Recently, most structures are built of concrete, so identification of safety level of concrete structures becomes a critical issue. In other words, current stress level in concrete is an important factor to check the safety level of the structures in service. Although it is clear that a technique for estimating the static stress level of concrete is essential, the method to identify the stress state of the currently used concrete structure is definitely limited.

Therefore, an objective of this study is to develop a static stress estimation technique that can be applied to real concrete structures. This study proposes a method that can measure the static stress level of concrete by incorporating SRM and computer vision-based image processing. Applying a small damage to concrete specimens can release the current state of stress and induce stress field change inside concrete around the damage.
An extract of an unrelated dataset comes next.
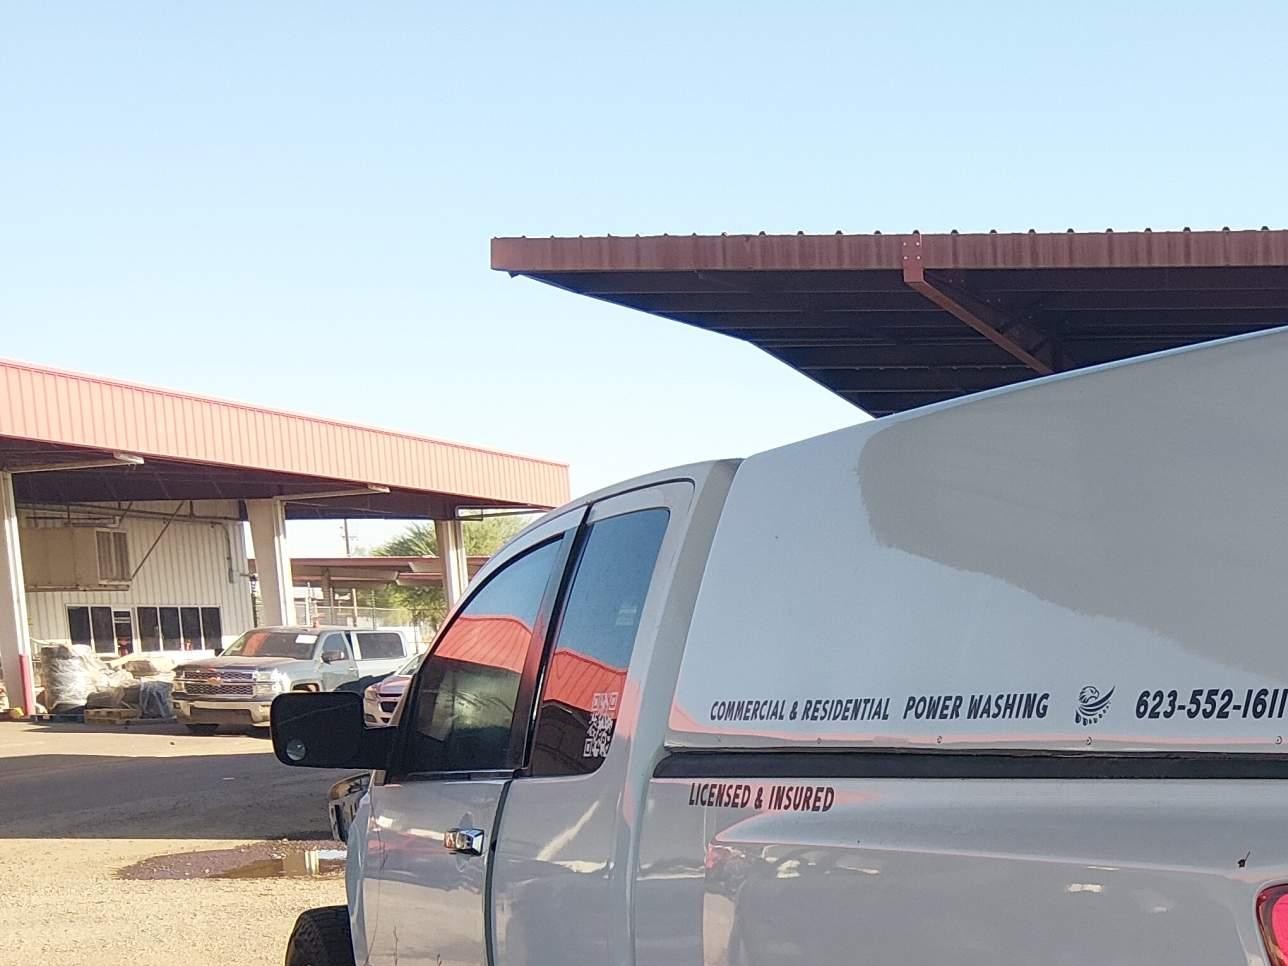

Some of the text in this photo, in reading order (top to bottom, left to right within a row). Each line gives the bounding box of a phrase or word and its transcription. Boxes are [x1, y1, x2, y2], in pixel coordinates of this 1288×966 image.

[710, 688, 1288, 721] COMMERCIAL & RESIDENTIAL POWER WASHING 623-552-1611
[688, 782, 835, 812] LICENSED & INSURED
This strain measurement is used in the static stress estimation algorithm developed in this study.

INTRODUCTION

With a small damage to the concrete surface, the current level of static stress in the concrete can be released and the corresponding released deformation in the vicinity of the damage can be identified using the DIC technique. Using DIC, a field-wide strain measurement can be performed, which is then used to estimate the instantaneous static stress in the concrete. This study presents that it is possible to estimate the static stress in concrete using both the SRM stress technique and digital image processing based on computer vision, while minimizing the size of the damage.

Static stress estimation algorithm was developed to identify the optimal static stress in concrete. Using the algorithm and parametric analysis, the experimental errors can be calibrated which may include uneven and inhomogeneous load distribution and the abnormal condition of the concrete specimen.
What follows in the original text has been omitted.